Pages are initially "active"; and at regular intervals, the kernel
sweeps over the memory, and tags some pages as "inactive". Whenever
they are accessed again, they are immediately retagged
"active". When the kernel is almost out of memory, and time comes to
swap out to disk, the kernel will swap "inactive" pages.
active_file and inactive_file
cache memory, with *active* and *inactive* similar to the *anon*
memory above. The exact formula is cache = **active_file** +
**inactive_file** + **tmpfs**. The exact rules used by the kernel to
move memory pages between active and inactive sets are different
from the ones used for anonymous memory, but the general principle
is the same. Note that when the kernel needs to reclaim memory, it
is cheaper to reclaim a clean (=non modified) page from this pool,
since it can be reclaimed immediately (while anonymous pages and
dirty/modified pages have to be written to disk first).
unevictable
the amount of memory that cannot be reclaimed; generally, it will
account for memory that has been "locked" with ``mlock``. It is
often used by crypto frameworks to make sure that secret keys and
other sensitive material never gets swapped out to disk.
memory and memsw limits
These are not really metrics, but a reminder of the limits applied
to this cgroup. The first one indicates the maximum amount of
physical memory that can be used by the processes of this control
group; the second one indicates the maximum amount of RAM+swap.

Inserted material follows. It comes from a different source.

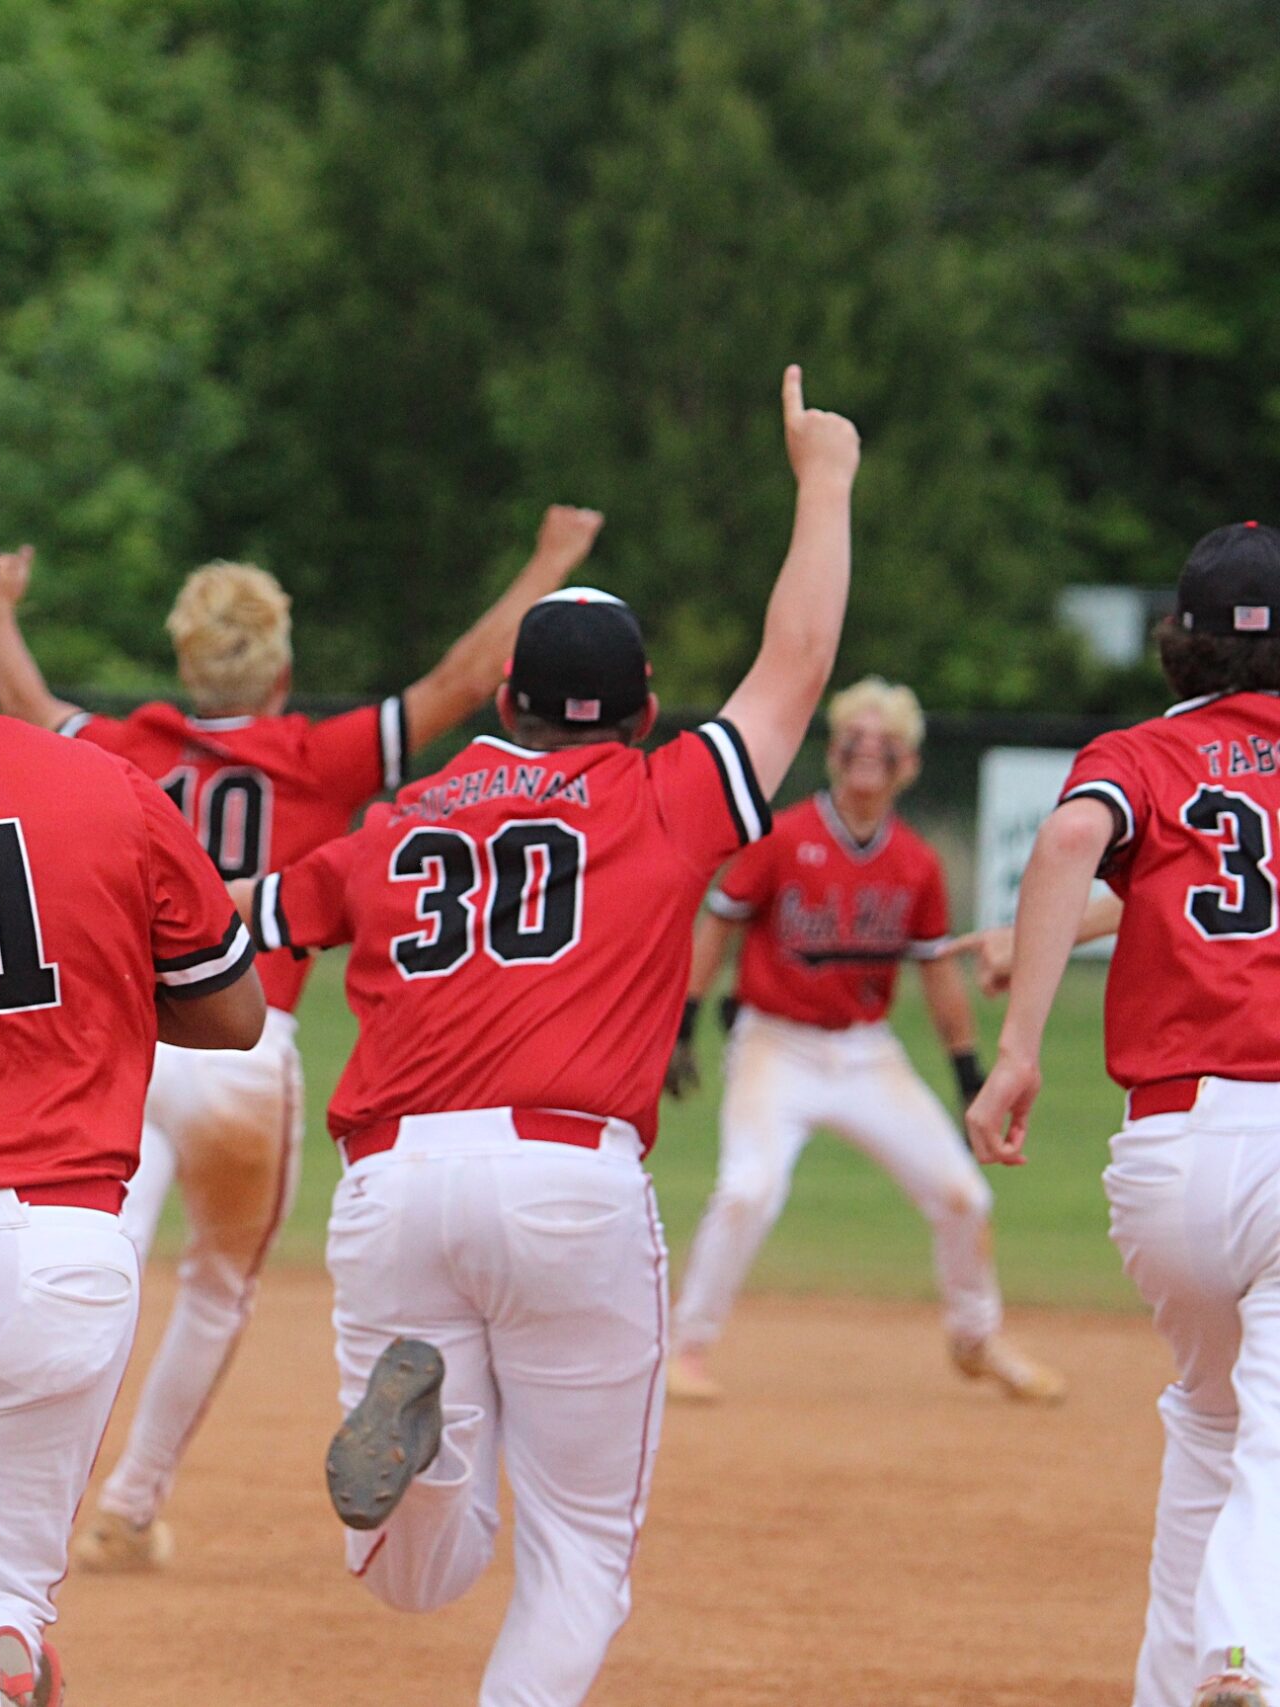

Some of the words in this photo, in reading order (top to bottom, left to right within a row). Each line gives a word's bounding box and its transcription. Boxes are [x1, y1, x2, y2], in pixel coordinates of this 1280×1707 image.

[1199, 734, 1280, 777] TAB
[389, 818, 586, 981] 30
[1179, 782, 1280, 942] 3

Accounting for memory in the page cache is very complex. If two
processes in different control groups both read the same file
(ultimately relying on the same blocks on disk), the corresponding
memory charge will be split between the control groups. It's nice, but
it also means that when a cgroup is terminated, it could increase the
memory usage of another cgroup, because they are not splitting the
cost anymore for those memory pages.
CPU metrics: ``cpuacct.stat``
.............................
Now that we've covered memory metrics, everything else will look very
simple in comparison. CPU metrics will be found in the ``cpuacct``
controller.
For each container, you will find a pseudo-file ``cpuacct.stat``,
containing the CPU usage accumulated by the processes of the
container, broken down between ``user`` and ``system`` time. If you're
not familiar with the distinction, ``user`` is the time during which
the processes were in direct control of the CPU (i.e. executing
process code), and ``system`` is the time during which the CPU was
executing system calls on behalf of those processes.

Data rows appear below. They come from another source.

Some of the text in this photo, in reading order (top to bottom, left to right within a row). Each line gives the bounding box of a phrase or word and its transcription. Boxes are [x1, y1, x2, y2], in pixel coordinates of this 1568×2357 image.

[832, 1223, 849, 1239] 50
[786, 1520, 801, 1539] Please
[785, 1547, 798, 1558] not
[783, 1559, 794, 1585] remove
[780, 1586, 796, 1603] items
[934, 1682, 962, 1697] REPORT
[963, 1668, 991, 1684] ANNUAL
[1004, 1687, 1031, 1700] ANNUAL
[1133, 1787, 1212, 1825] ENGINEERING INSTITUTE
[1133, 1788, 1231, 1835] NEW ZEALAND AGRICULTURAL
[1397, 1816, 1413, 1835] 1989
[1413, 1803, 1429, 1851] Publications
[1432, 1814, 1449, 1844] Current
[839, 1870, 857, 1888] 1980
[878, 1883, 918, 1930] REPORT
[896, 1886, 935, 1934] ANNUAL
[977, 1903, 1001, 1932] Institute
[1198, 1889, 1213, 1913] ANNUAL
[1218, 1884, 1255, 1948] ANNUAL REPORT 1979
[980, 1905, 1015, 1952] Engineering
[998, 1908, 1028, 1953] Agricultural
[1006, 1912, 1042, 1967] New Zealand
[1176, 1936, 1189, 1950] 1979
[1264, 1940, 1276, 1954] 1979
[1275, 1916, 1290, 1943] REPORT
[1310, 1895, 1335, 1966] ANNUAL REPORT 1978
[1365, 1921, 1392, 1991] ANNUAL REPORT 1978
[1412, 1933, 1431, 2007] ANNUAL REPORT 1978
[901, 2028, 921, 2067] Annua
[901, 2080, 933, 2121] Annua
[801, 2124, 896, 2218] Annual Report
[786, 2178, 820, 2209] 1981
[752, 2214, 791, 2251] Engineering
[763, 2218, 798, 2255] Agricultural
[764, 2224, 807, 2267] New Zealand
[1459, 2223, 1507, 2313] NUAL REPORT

Those times are expressed in ticks of 1/100th of second. Actually,
they are expressed in "user jiffies". There are ``USER_HZ``
*"jiffies"* per second, and on x86 systems, ``USER_HZ`` is 100. This
used to map exactly to the number of scheduler "ticks" per second; but
with the advent of higher frequency scheduling, as well as `tickless
kernels <http://lwn.net/Articles/549580/>`_, the number of kernel
ticks wasn't relevant anymore. It stuck around anyway, mainly for
legacy and compatibility reasons.
Block I/O metrics
.................
Block I/O is accounted in the ``blkio`` controller. Different metrics
are scattered across different files. While you can find in-depth
details in the `blkio-controller
<https://www.kernel.org/doc/Documentation/cgroups/blkio-controller.txt>`_
file in the kernel documentation, here is a short list of the most
relevant ones:
blkio.sectors
contain the number of 512-bytes sectors read and written by the
processes member of the cgroup, device by device. Reads and writes
are merged in a single counter.
blkio.io_service_bytes
indicates the number of bytes read and written by the cgroup. It has
4 counters per device, because for each device, it differentiates
between synchronous vs. asynchronous I/O, and reads vs. writes.
blkio.io_serviced
the number of I/O operations performed, regardless of their size. It
also has 4 counters per device.
blkio.io_queued
indicates the number of I/O operations currently queued for this
cgroup. In other words, if the cgroup isn't doing any I/O, this will
be zero. Note that the opposite is not true. In other words, if
there is no I/O queued, it does not mean that the cgroup is idle
(I/O-wise). It could be doing purely synchronous reads on an
otherwise quiescent device, which is therefore able to handle them
immediately, without queuing. Also, while it is helpful to figure
out which cgroup is putting stress on the I/O subsystem, keep in
mind that is is a relative quantity. Even if a process group does
not perform more I/O, its queue size can increase just because the
device load increases because of other devices.
Network Metrics
---------------
Network metrics are not exposed directly by control groups. There is a
good explanation for that: network interfaces exist within the context
of *network namespaces*. The kernel could probably accumulate metrics
about packets and bytes sent and received by a group of processes, but
those metrics wouldn't be very useful. You want per-interface metrics
(because traffic happening on the local ``lo`` interface doesn't
really count). But since processes in a single cgroup can belong to
multiple network namespaces, those metrics would be harder to
interpret: multiple network namespaces means multiple ``lo``
interfaces, potentially multiple ``eth0`` interfaces, etc.; so this is
why there is no easy way to gather network metrics with control
groups.
Instead we can gather network metrics from other sources:
IPtables
........
IPtables (or rather, the netfilter framework for which iptables is
just an interface) can do some serious accounting.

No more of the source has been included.